About two years ago I was raped by another man. I'm not going to retell all the gory details. Suffice to say it was a horrible experience. It was semi-casual and I never saw the guy again, nor did I ever approach the police. At the time I was too scared about HIV and after that, well... it took a long time to figure it wasn't my fuckup.
My problem is that since then I've hardly had sex. I bottomed once and it was a bit of a disaster. He was a nice guy and very patient, but I'd u-turned from an enthusiastic bottom to someone who felt uncomfortable, anxious, decidedly non-sexy. We talked afterward and I revealed what had happened. It was the first time anyone had used the r-word about my experience—which was actually a watershed moment for me.
My only encounters since then have been oral and masturbation. I can't climax. I find it very difficult to let my guard down, and every time a top approaches I end up bailing. I start seeing red flags that don't exist and parallels to my last encounter. I want to bottom again, not just because I loved it and because it's so intimate, but because I feel something has been stolen from me and I want it back. I don't want to believe that my sexuality has been scarred forever.
Are there any resources for gay men recovering from rape? Are there any groups, any books even? I feel very lonely right now.
Homo Experiencing Lifelong Problem
First, some advice from Seattle-based counselor Rachel LordKenaga:
Rape is incredibly traumatizing so it makes sense that sex would be totally different for you now. Acknowledging and processing the rape are integral to the healing process, and for creating different sexual experiences in the future. Topping and bottoming are (optimally) about pleasurable power play. Since you have identified as a bottom, letting someone have control over you sexually—after you have been assaulted—is going to be challenging until you feel more in control of yourself and let yourself heal emotionally.

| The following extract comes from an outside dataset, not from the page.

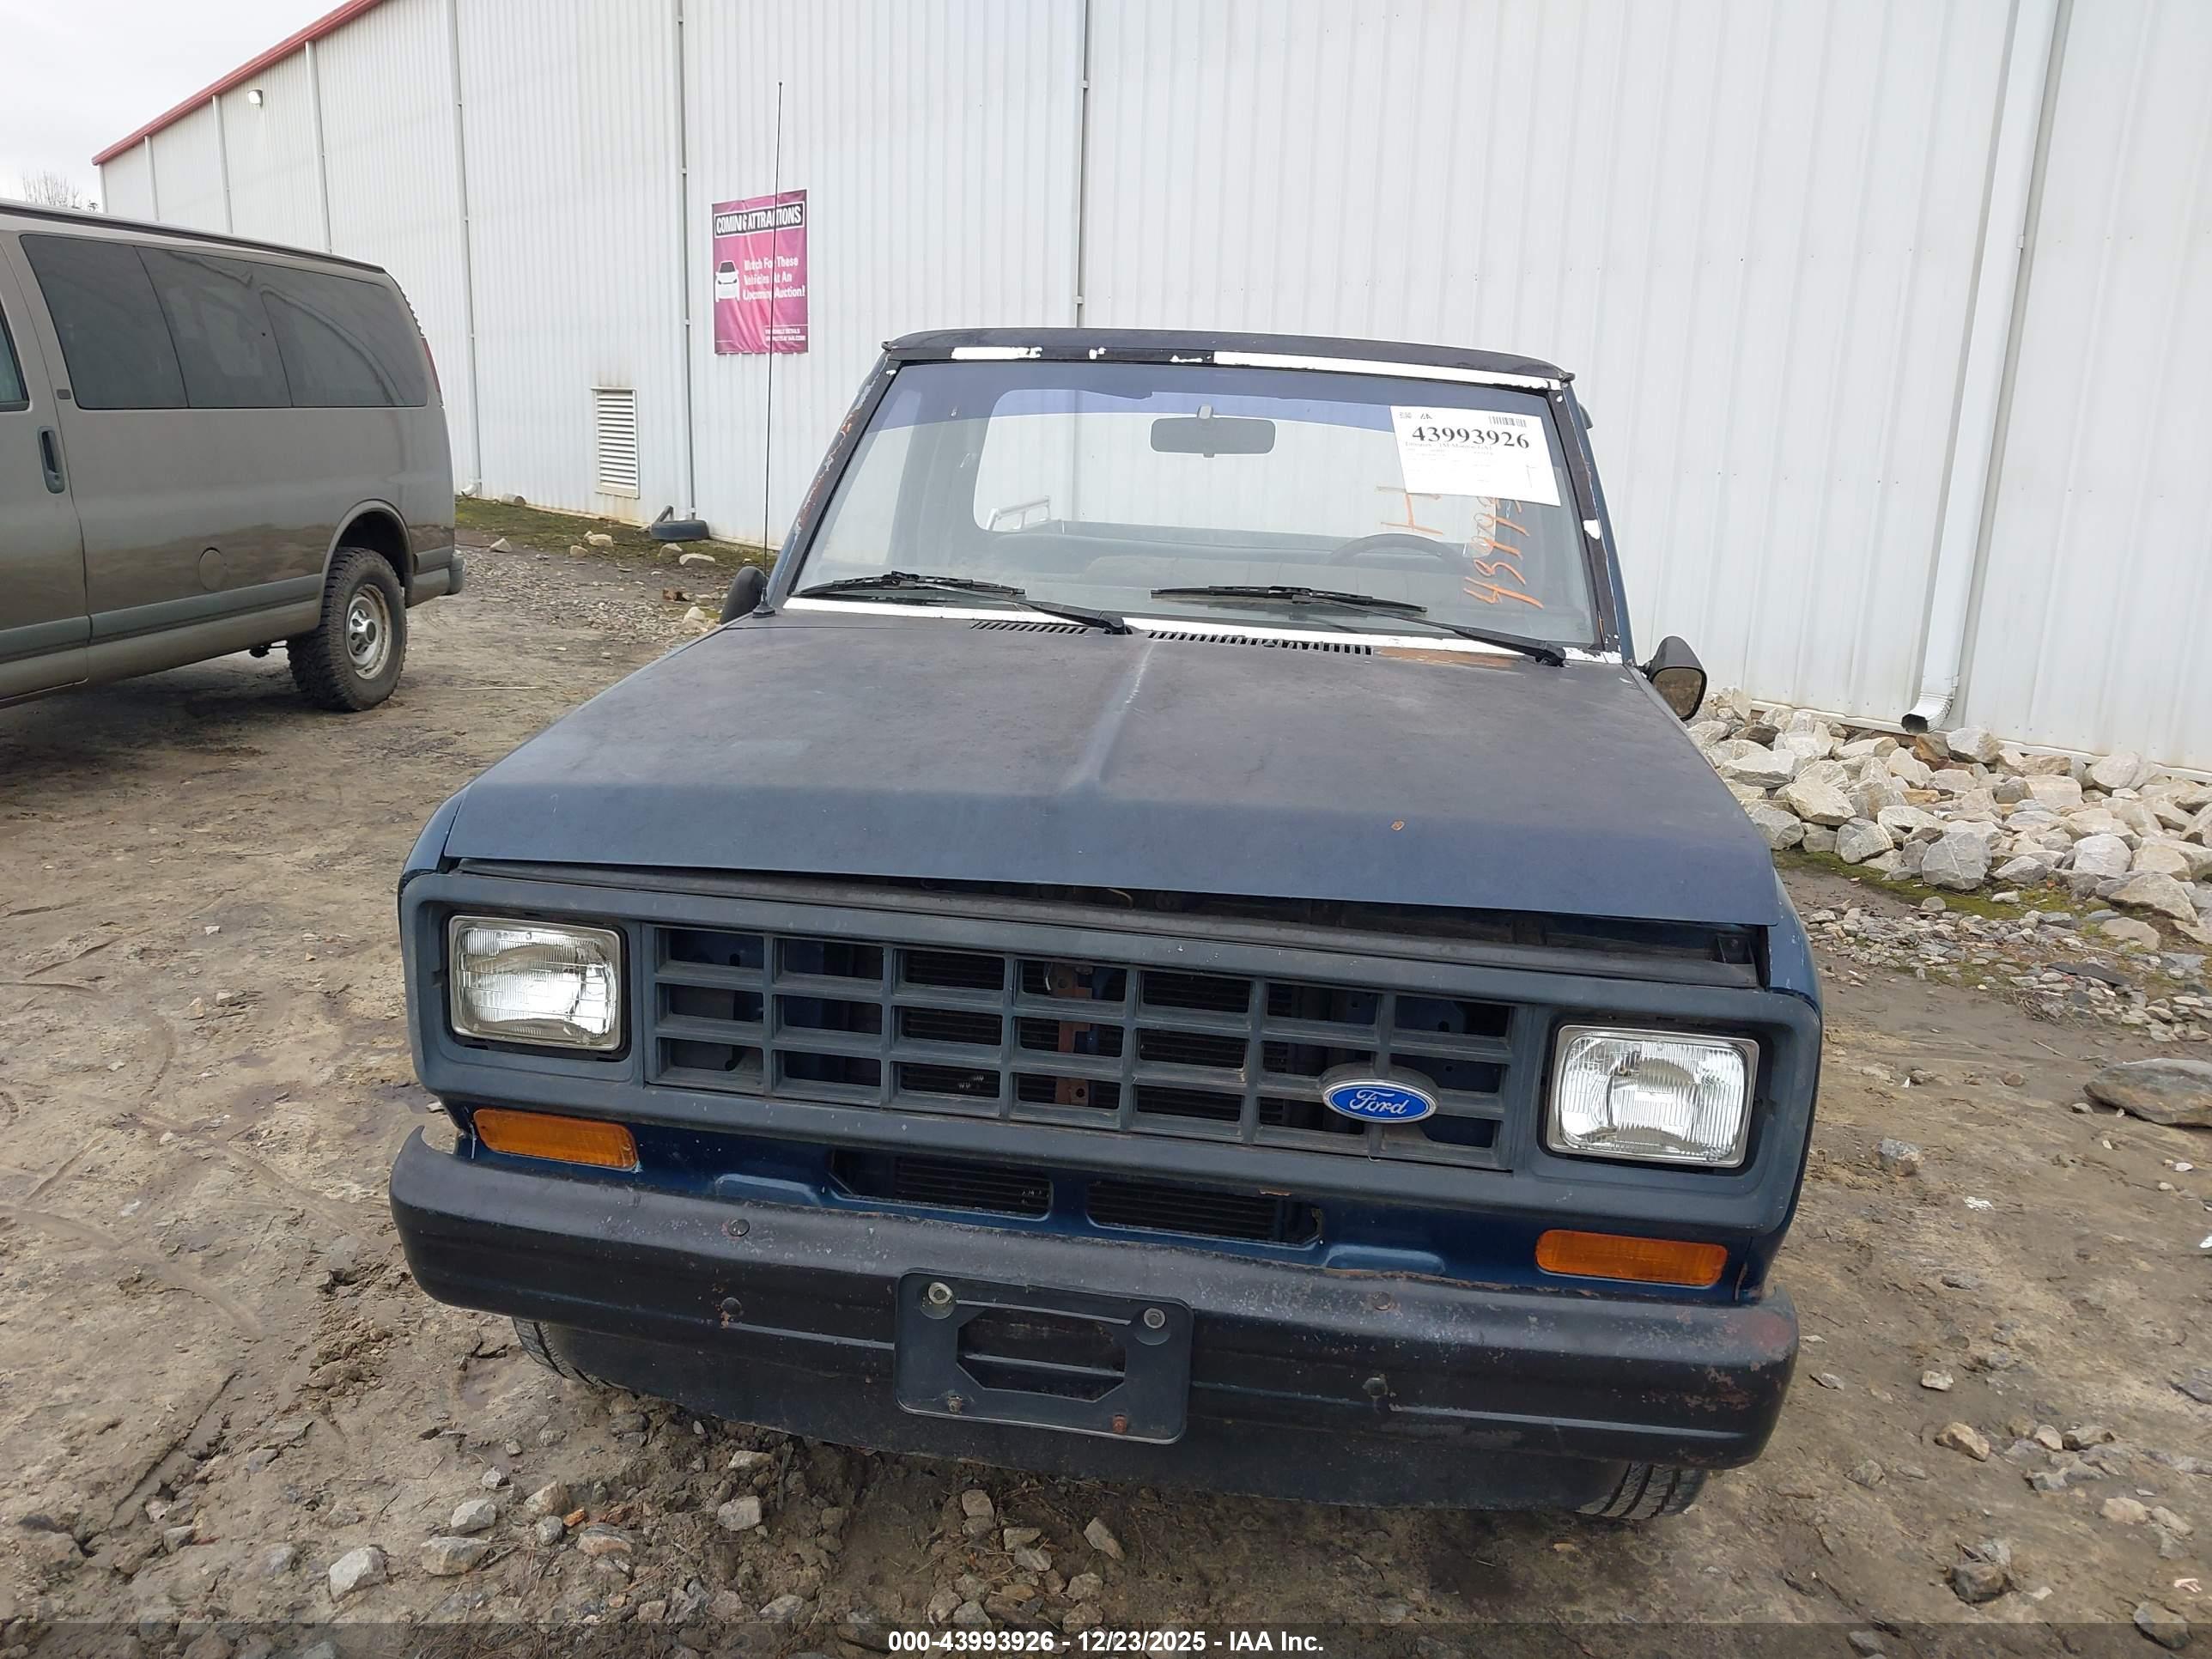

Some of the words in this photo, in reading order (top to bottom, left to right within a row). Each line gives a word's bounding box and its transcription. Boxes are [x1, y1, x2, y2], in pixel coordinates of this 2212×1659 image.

Rape is all about power, the sex is secondary. When you have been raped you have been completely ripped of any power and consent, making sex really difficult. You will probably need time. And likely you’re going to want to top from the bottom more once you become more comfortable with sex/to become more comfortable with sex. Sadly, you are not alone in this experience and it is difficult for men to process rape in our culture as they are not the “typical” victims of rape. But there are lots of resources available through Gay City, NW Network, and Seattle Counseling for Sexual Minorities.
Those resources, of course, will be helpful if you're in Seattle. If you're not, google the name of your city and resources for male victims of sexual assault or contact the nearest LGBT community center and ask for referrals.

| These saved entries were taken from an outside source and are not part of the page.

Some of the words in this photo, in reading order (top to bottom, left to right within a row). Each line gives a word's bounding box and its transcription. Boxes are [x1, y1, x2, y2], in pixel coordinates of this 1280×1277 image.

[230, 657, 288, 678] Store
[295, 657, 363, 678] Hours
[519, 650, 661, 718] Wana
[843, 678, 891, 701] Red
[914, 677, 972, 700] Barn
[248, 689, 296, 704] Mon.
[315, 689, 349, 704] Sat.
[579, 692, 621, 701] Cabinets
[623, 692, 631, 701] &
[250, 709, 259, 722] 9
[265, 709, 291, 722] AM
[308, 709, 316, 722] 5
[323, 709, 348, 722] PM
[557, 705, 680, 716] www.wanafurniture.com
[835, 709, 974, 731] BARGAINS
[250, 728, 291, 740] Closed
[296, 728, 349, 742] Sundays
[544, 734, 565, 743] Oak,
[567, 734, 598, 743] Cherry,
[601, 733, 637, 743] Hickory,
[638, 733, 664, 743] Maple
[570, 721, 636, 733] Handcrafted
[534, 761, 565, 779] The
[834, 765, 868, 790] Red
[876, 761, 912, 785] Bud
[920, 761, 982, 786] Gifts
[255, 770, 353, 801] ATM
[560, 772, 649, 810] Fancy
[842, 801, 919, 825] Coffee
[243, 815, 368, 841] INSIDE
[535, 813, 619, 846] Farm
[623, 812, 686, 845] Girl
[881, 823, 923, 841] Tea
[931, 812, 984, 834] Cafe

Also: the NYC-based Anti-Violence Project assists "survivors of all forms of violence, including hate violence, intimate partner violence, sexual violence, pick-up violence, and institutional violence" in the NYC area, runs a 24-hour crisis and intervention hotline (212-714-1141) and lists additional resources on their referrals page. And RAINN, "the nation’s largest anti-sexual violence organization," runs a hotline that can connect you to local sexual assault survivor services in your area: 800-656-HOPE.

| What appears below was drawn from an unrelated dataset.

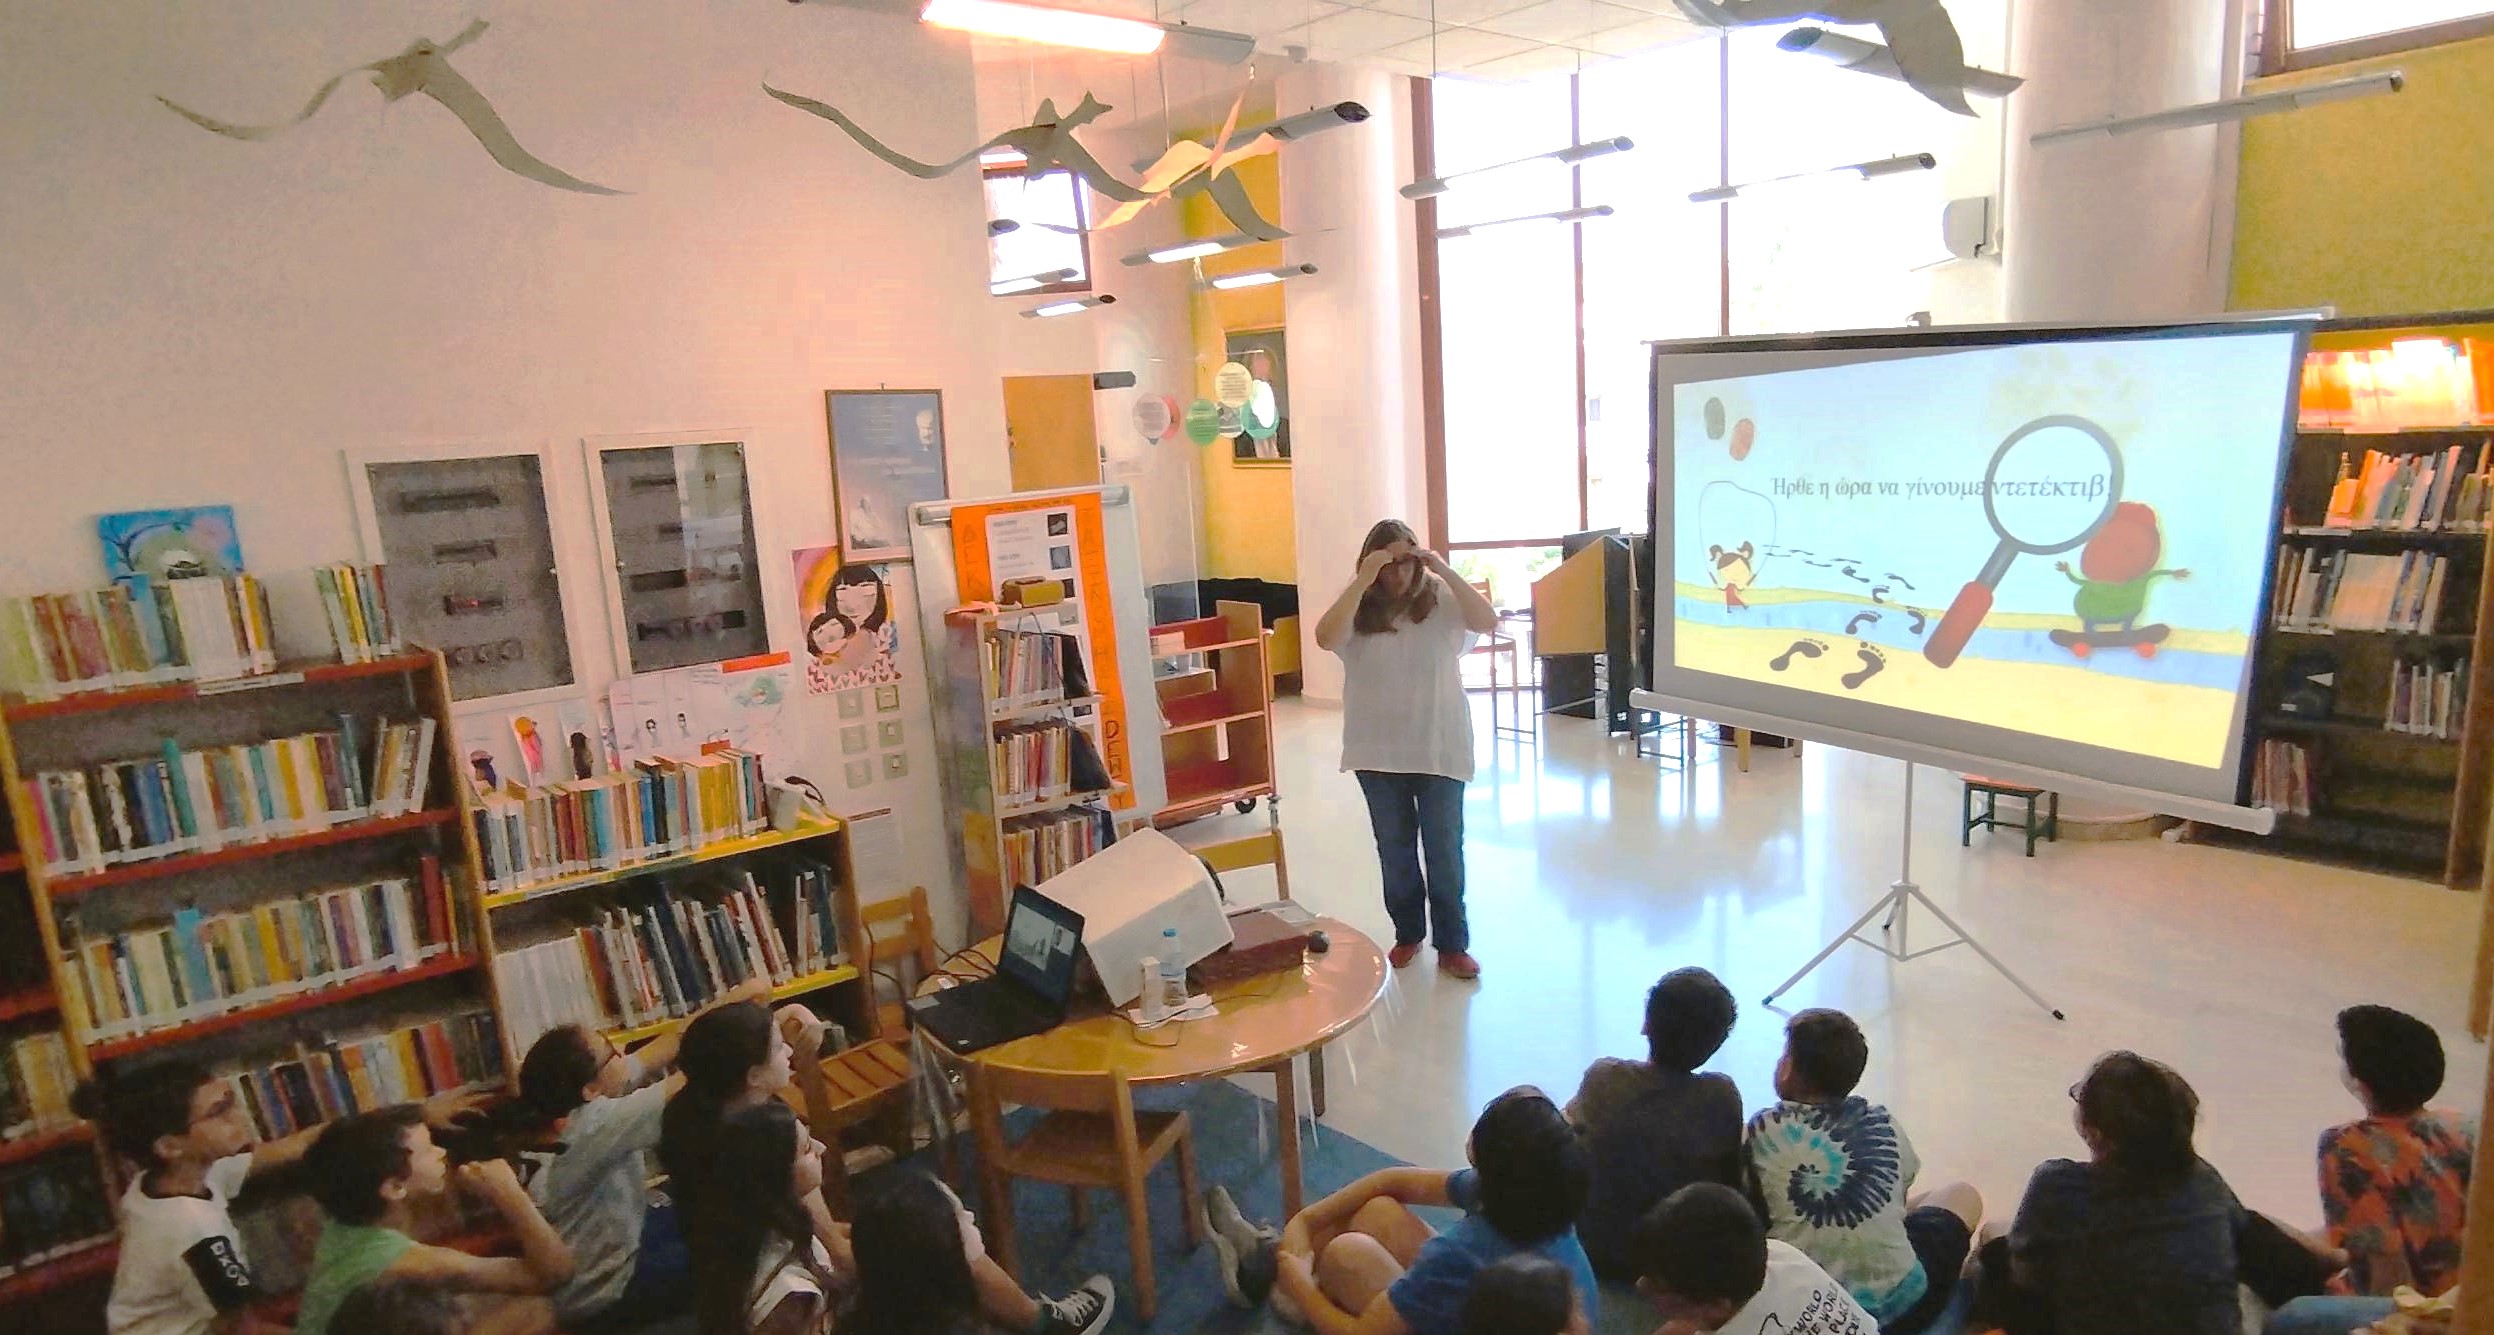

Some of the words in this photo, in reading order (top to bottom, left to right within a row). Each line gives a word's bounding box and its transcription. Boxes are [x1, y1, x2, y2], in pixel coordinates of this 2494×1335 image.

I think it's interesting that you say, "It was the first time anyone had used the r-word about my experience." It sounds like you told this nice guy (TNG) you attempted to bottom for what had happened to you and TNG described your experience as rape. That had to have been both re-traumatizing and affirming—by correctly naming what had happened to you, HELP, TNG made the violation feel fresh again; by correctly naming what had happened to you, HELP, TNG put you on the path to recovery. But from the moment he correctly named it—from the moment he seemingly gave you the permission you needed to see what had happened to you as rape—you found yourself on square one.
So give yourself a break, HELP. Yes, it's been two years since your rape, but it's only been since you named it as rape that you began to take your first steps toward healing.
If you want to remain sexually active as you seek out and access resources, HELP, I think taking anal off the menu for now is a good idea. Describe yourself as "not into anal" (again, for now) on apps, if you're on apps; in person, if you're into meeting guys the old fashioned way. You'll instantly weed out the guys who are only looking for anal, HELP, and you won't feel pressured to come through with the buttsex. You don't need to explain to hookups and partners why you aren't into anal—roughly a quarter of gay men aren't.
And like I told SCARED in this week's column, you might wanna hold out for guys willing to get to know you and make an emotional investment in you before getting intimate.
And I want to second what LordKenaga said: when you do start exploring anal again, definitely "top from the bottom." While the person being penetrated is usually seen as giving up control—and usually enjoys the sensation of giving up control—it is possible for the receptive partner during anal intercourse to take control and run the whole butt show.
I'm sorry you were victimized, HELP, and I hope you get the help you need and I'm confident you'll be able to take your sex life back.